First, no matter how much you know, you don’t know everything. And when the human mind doesn’t know something, it tends to draw inferences and make assumptions to fill in the blanks. And this is dangerous. We may hear a statement or hear a message that irritates us. It is a very short leap from “that irritated me,” to “you irritated me,” to “you meant to irritate me,” to “you must not like me,” to “I don’t like you.” This happens all the time, often in the blink of an eye, and it can define entire relationships, especially when emotions and values are involved. Our culture is currently engaged in misinformation about race, sexuality, theology, ecclesiology, economics, education — well, just about everything. We know what we know; we think we know – and understand – more than we actually do; and we don’t know what we don’t know. This is a shaky foundation upon which to base certainty.
Second, just because something makes sense to us, it doesn’t automatically mean it makes sense to everyone else. Think about our politics in the United States today. How often do we see something framed as “news” and our first thought is, “how can anybody actually believe that?” Well, conspiracy theories stick because they strike a chord of reason or rationality (or acceptable irrationality) in someone’s thinking. These theories take on a life of their own when the chord resonates across societal lines. We want to believe the best about others, but who defines what is best? And the reality is that we tend to ascribe the very best of intentions to ourselves and those who agree with us, while ascribing the very worst intentions to those who think differently or oppose us. In my experience, I have never met someone who defended a position they thought was wrong, stupid, evil, or irrational (unless participating in a debate exercise). For many, misinformation includes anything and everything that flies in the face of what they already know and believe.
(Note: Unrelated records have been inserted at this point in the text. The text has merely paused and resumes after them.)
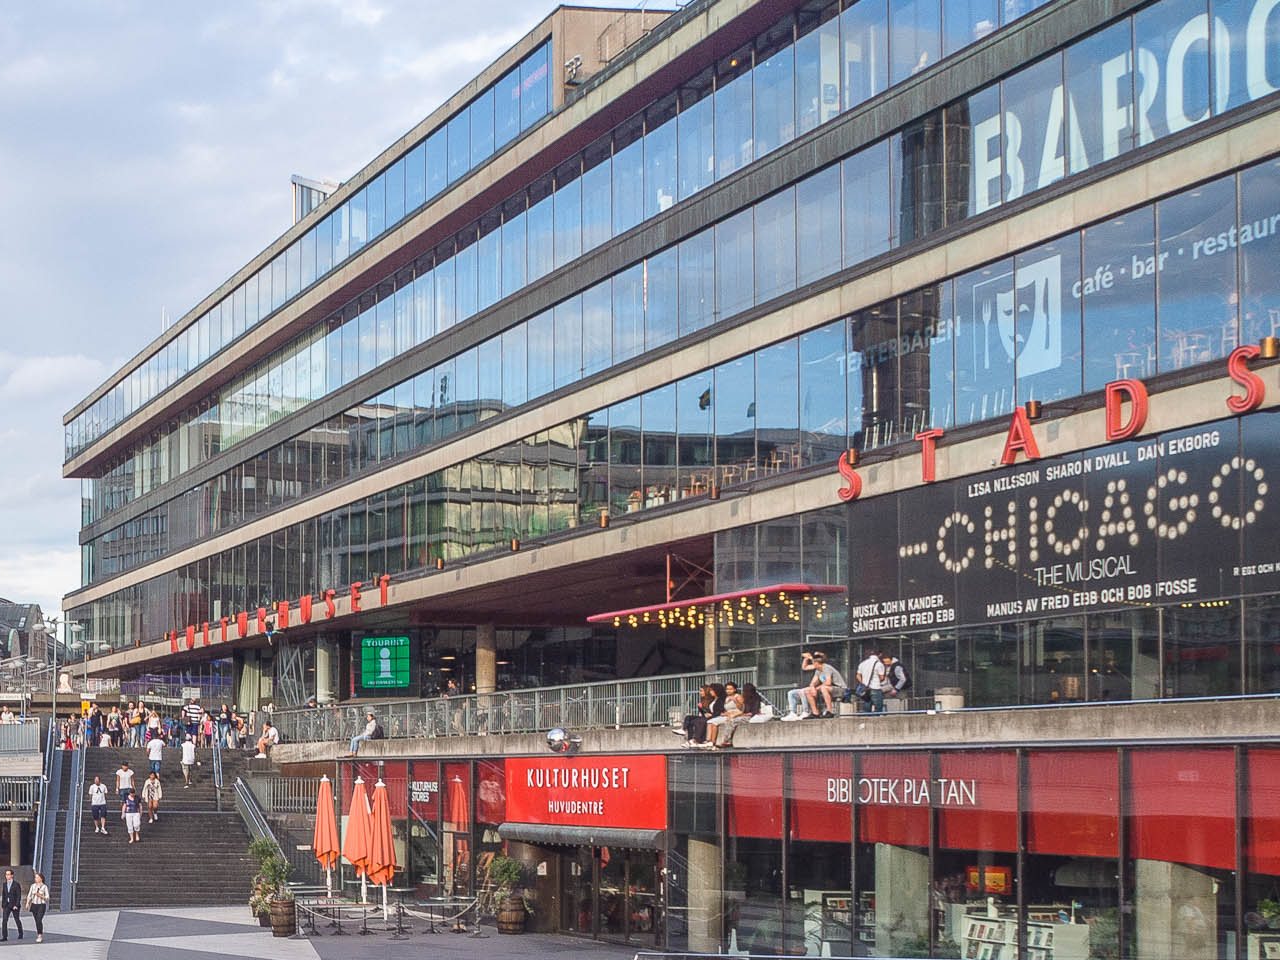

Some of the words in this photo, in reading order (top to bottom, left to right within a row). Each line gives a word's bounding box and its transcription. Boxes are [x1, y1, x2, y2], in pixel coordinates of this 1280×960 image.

[1071, 264, 1114, 298] café
[1132, 251, 1169, 279] bar
[1192, 214, 1280, 260] restaur
[837, 345, 1266, 501] STADS
[968, 480, 991, 497] LISA
[994, 471, 1039, 493] NILSSON
[1046, 459, 1092, 481] SHARON
[1095, 451, 1130, 471] DYALL
[1137, 442, 1165, 462] DAN
[1168, 431, 1220, 455] EKBORG
[1034, 564, 1063, 587] THE
[1065, 555, 1136, 582] MUSICAL
[170, 573, 391, 653] KULTURHUSET
[852, 603, 880, 619] MUSIK
[881, 600, 906, 614] JOHN
[908, 594, 944, 611] KANDER
[986, 601, 1023, 618] MANUS
[1025, 599, 1039, 613] AV
[1041, 595, 1070, 611] FRED
[1073, 591, 1098, 607] EBB
[1101, 588, 1124, 604] OCH
[1128, 584, 1151, 600] BOB
[1155, 578, 1197, 598] FOSSE
[852, 615, 908, 633] SÅNGTEXTER
[910, 611, 934, 626] FRED
[936, 608, 955, 623] EBB
[527, 767, 629, 789] KULTURHUSET
[903, 779, 976, 805] PLATAN
[548, 799, 604, 815] HUVUDENTRÉ
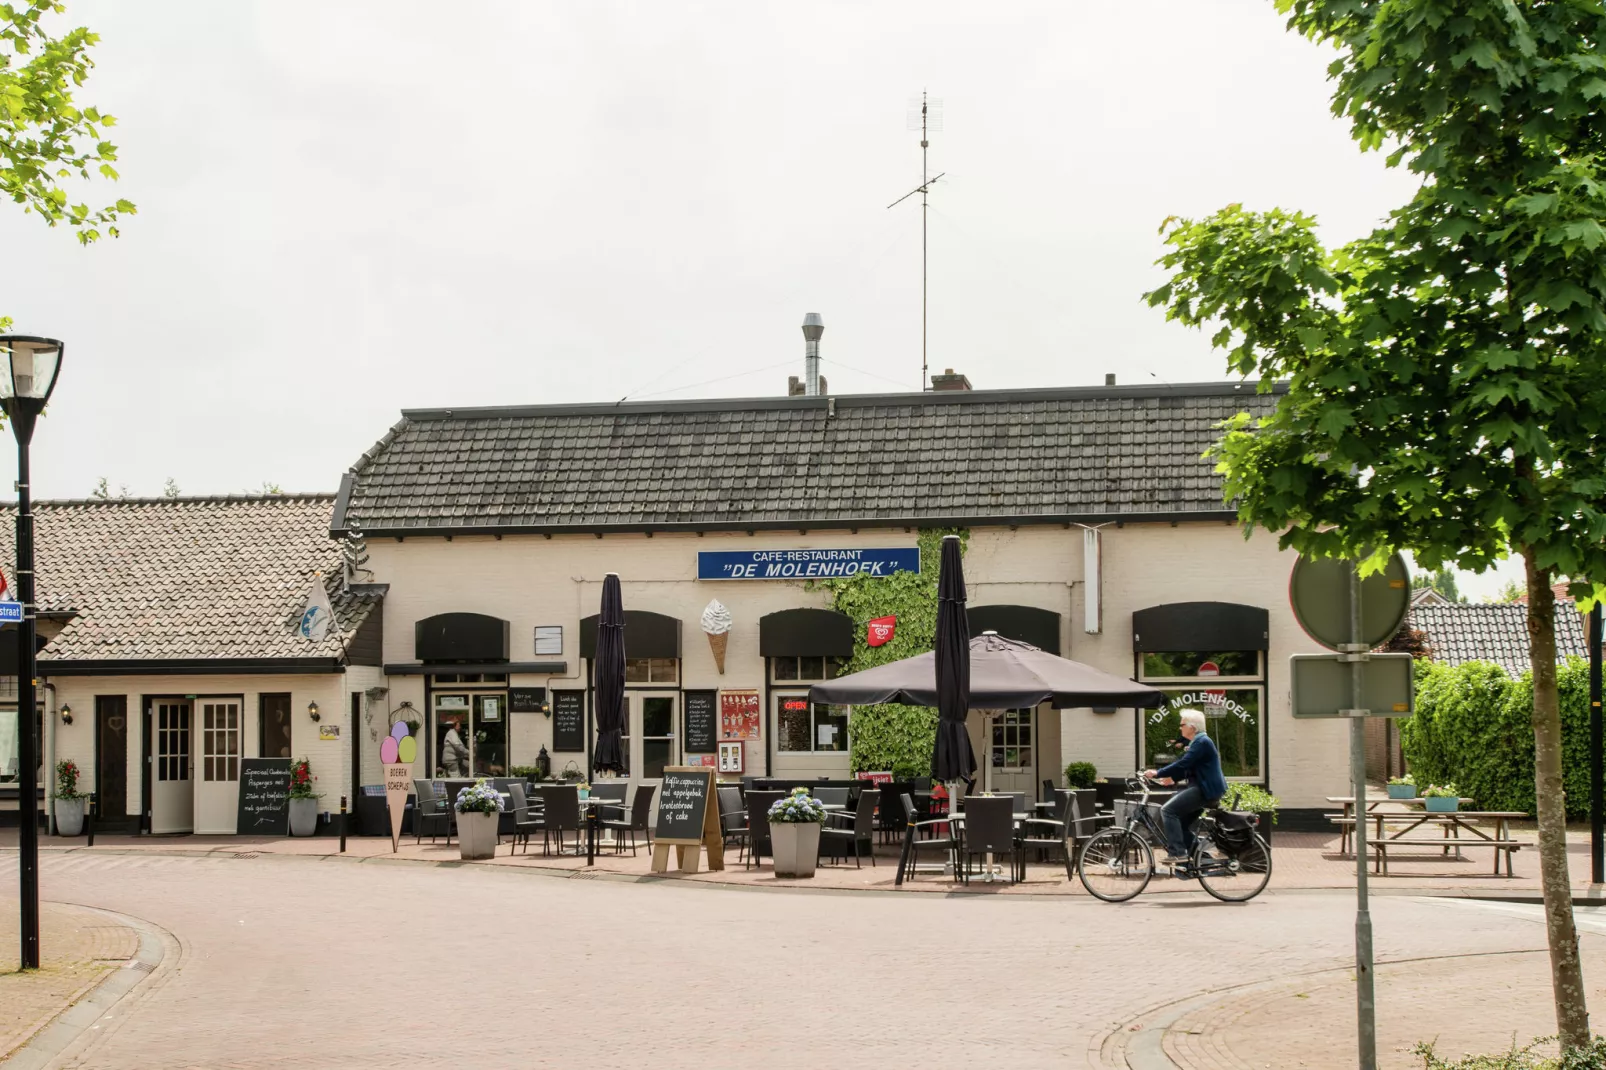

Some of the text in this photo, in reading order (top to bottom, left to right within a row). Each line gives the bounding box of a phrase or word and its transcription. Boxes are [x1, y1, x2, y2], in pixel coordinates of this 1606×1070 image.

[753, 550, 863, 562] CAFE-RESTAURANT
[0, 606, 20, 617] straat
[784, 701, 807, 710] OPEN
[390, 768, 408, 777] BOEREN
[248, 779, 273, 789] Asperges
[665, 810, 688, 824] of cake
Third, binary thinking is very normal and natural, but limited and biased. When everything is right/wrong, good/evil, holy/sinful, either/or, we are forced to reduce complex issues to simplistic solutions and choose sides. Binary thinking is polarizing and difficult to defuse. It erupts in disagreements, arguments, fights, and often violence. The truth underlying all complex issues is that there are simply no simplistic answers available. But even this information is misinformation to the extent that we seem to go out of our way to make things more difficult than they need to be. When we define the world in opposites and dichotomies, we see those who think differently as adversaries or enemies. When we think holistically, we see ourselves as all in this together and our differences as opportunities to move from conflict to collaboration.
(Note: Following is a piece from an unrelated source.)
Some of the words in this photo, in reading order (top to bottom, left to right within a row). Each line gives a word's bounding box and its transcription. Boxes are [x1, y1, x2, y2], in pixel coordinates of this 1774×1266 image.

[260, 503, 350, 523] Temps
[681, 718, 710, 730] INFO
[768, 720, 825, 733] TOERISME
Fourth, when we humans believe that the solution to every problem is information, we sabotage the power of relationships, communication, compassion, and emotion to contribute to the solution. Reliance on information promotes the false valuation of intellectual expertise. Thinkers think they can think their way out of any situation. Formation and transformation are radically connected to information, but they are not the same thing. Experience, reasoning, practice, engagement, culture, and humility are also essential elements of problem solving and the resolution of complex problems.
Fifth, we use information to dismiss as much as we use it to accept. We tend to do this most frequently by labeling, by putting a negative label on someone or something we don’t like. Name-calling is fast becoming an art form; the quicker we can slap on a label, the quicker we can mock, insult, dismiss, or attack. We see this going on in our country and in The United Methodist Church. An offensive label allows us to assume a position of superiority, and to put “those people” in their place. Each time we do this, we create a stronger dividing wall that separates us from the rest of the children of God.
Sixth, (and probably last, though I could go on and on…) human beings too often give all forms of information equal value and we don’t always distinguish the difference between knowledge and opinion. I am spouting off about information, and while this may contain some helpful information, it is purely and completely my opinion. I am sharing learning that made sense to me that I want to share with you. I am filtering that which is meaningful to me and I am implying that I think it should be important to you. This tight weave of truth, belief, facts, opinions, experience, and interpretation reveal the reality that objectivity and subjectivity are rarely separate realities – they are yin/yang partners in a larger complexity. So, all information is misinformation to some degree.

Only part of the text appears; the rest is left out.